Why? Because if I, like any other social creature on the Internet, have a bad night’s sleep in your hotel, or I was treated rudely at your restaurant or your product failed me somehow, not only do I want you (the company) to hear about my experience, I want others to feel my pain, or, even better, commiserate with me.
So in this grand experiment we call social media, what’s the best way for a brand to deal with this growing wave of highly public negative reviews?
Simple. The same way you should respond to that same complaint in person: With sincerity, with humility and with the intent of winning that incredibly sad and/or angry customer back again. And you do it ASAP. The near-real-time response of an apology, followed by a reasonable remedy is no longer considered novel behavior; it’s the new social norm. It’s expected and deserved.
As simple as that sounds, I’m constantly hearing of horror stories of companies’ social media and community managers, or customer service reps responding to negative reviews saying they are sorry and outright asking for a re-review or the removal of the original disgruntled post. That’s not service or sincerity. That’s manipulation.
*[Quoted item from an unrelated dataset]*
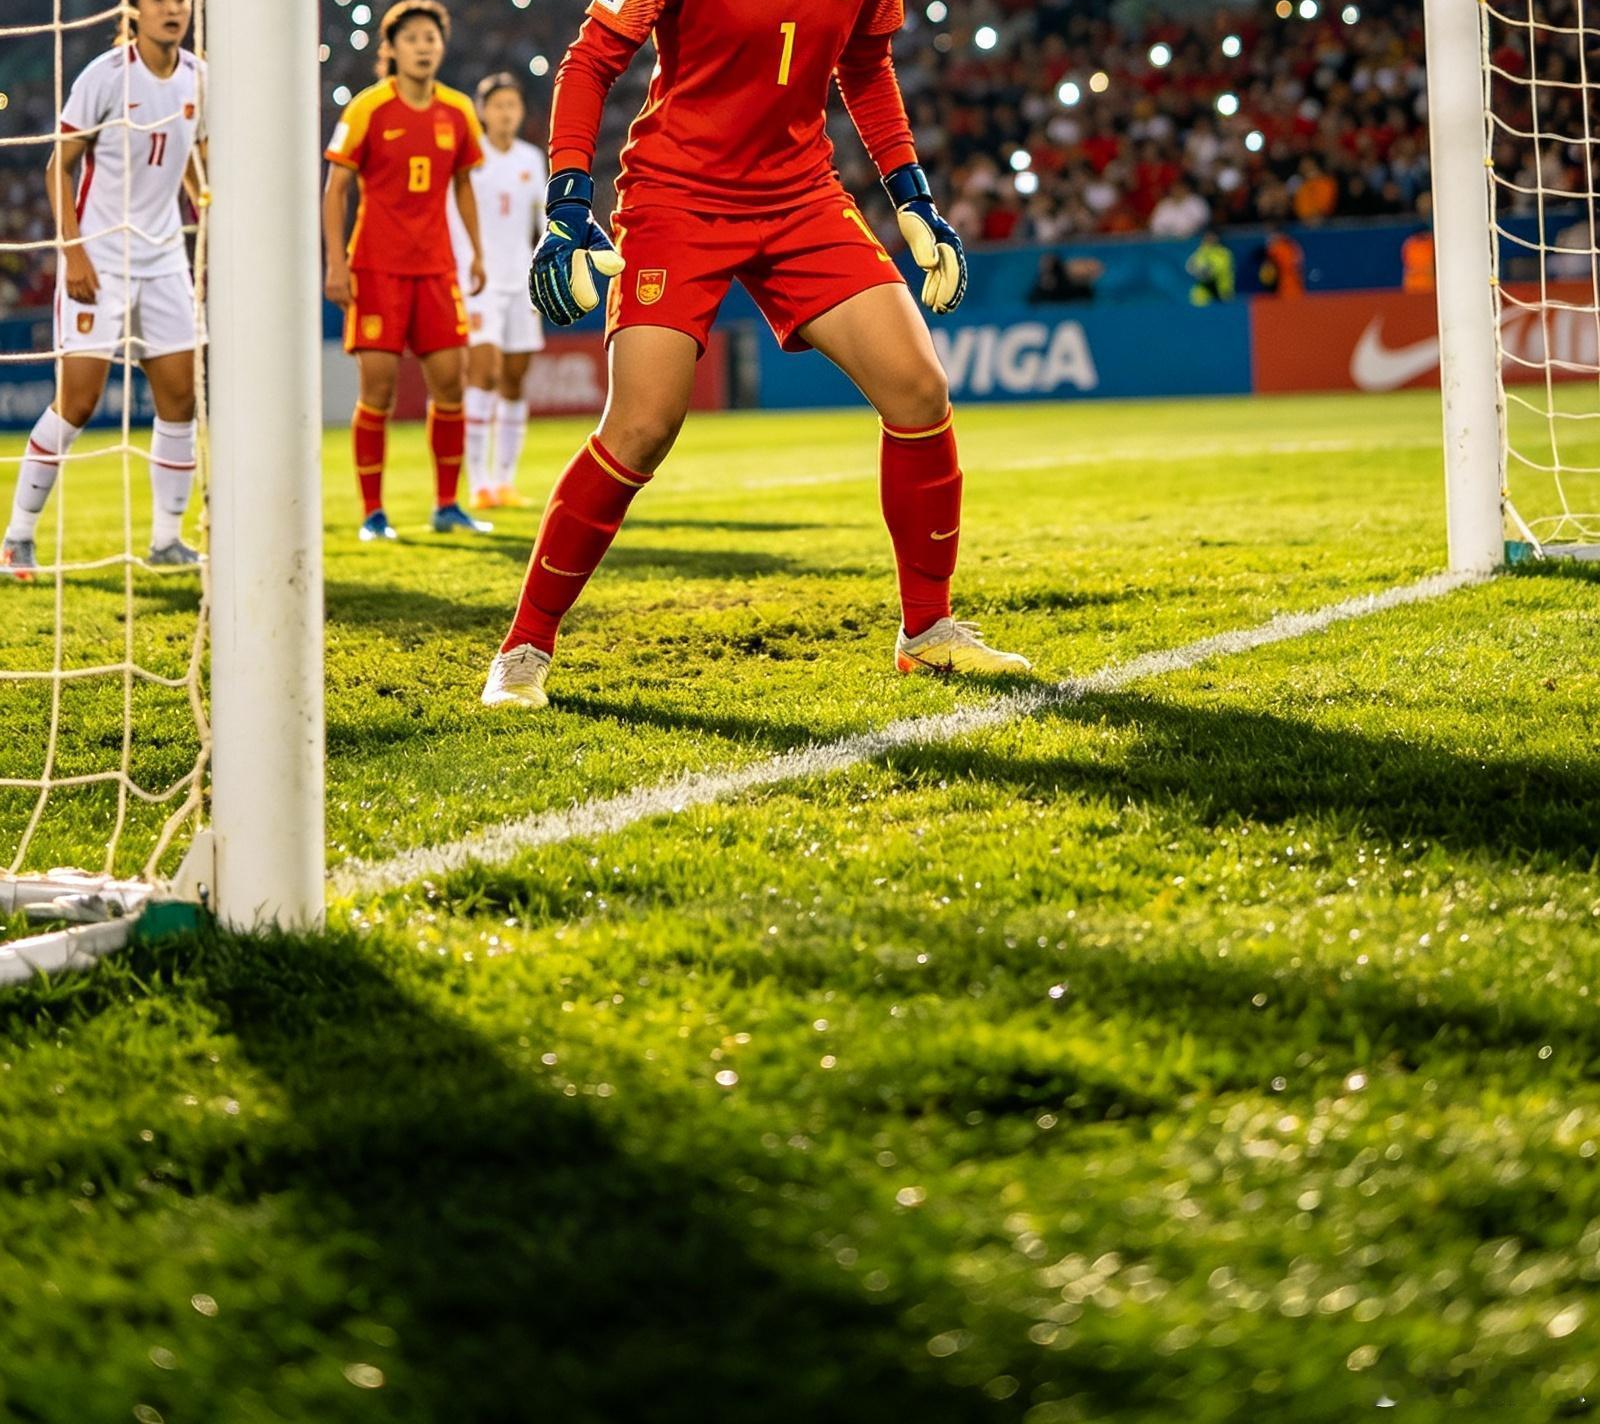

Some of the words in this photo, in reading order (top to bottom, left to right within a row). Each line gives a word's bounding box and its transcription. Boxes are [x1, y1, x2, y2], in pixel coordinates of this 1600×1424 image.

[777, 22, 796, 85] 1
[148, 132, 167, 166] 11
[408, 156, 431, 192] 8
Customers don’t owe you because you apologized. Consumers are smart. They know the negative review poorly impacted your overall Yelp ranking, or that a top visited post/review impacts the company in question for search. In fact, that is why many reviews are posted in the first place.
Navigating this properly doesn’t simply protect your “online” reputation. It protects your reputation, period. Performed well, online customer service via social and live chat could work in a brands favor; it turns non-customers into repeat ones, those considering, into believing, it can improve SEO, leveraged into a PR opportunity and serve as a way to introduce new stuff, build a following and generate new leads.
Ultimately though, companies win when social customer service is being honestly and sincerely social. They don’t need to ask for removal of a negative review or post. They should overwhelm it with public kindness or offer a real reason to try their product or services again to the point where I might feel so moved to revise my response.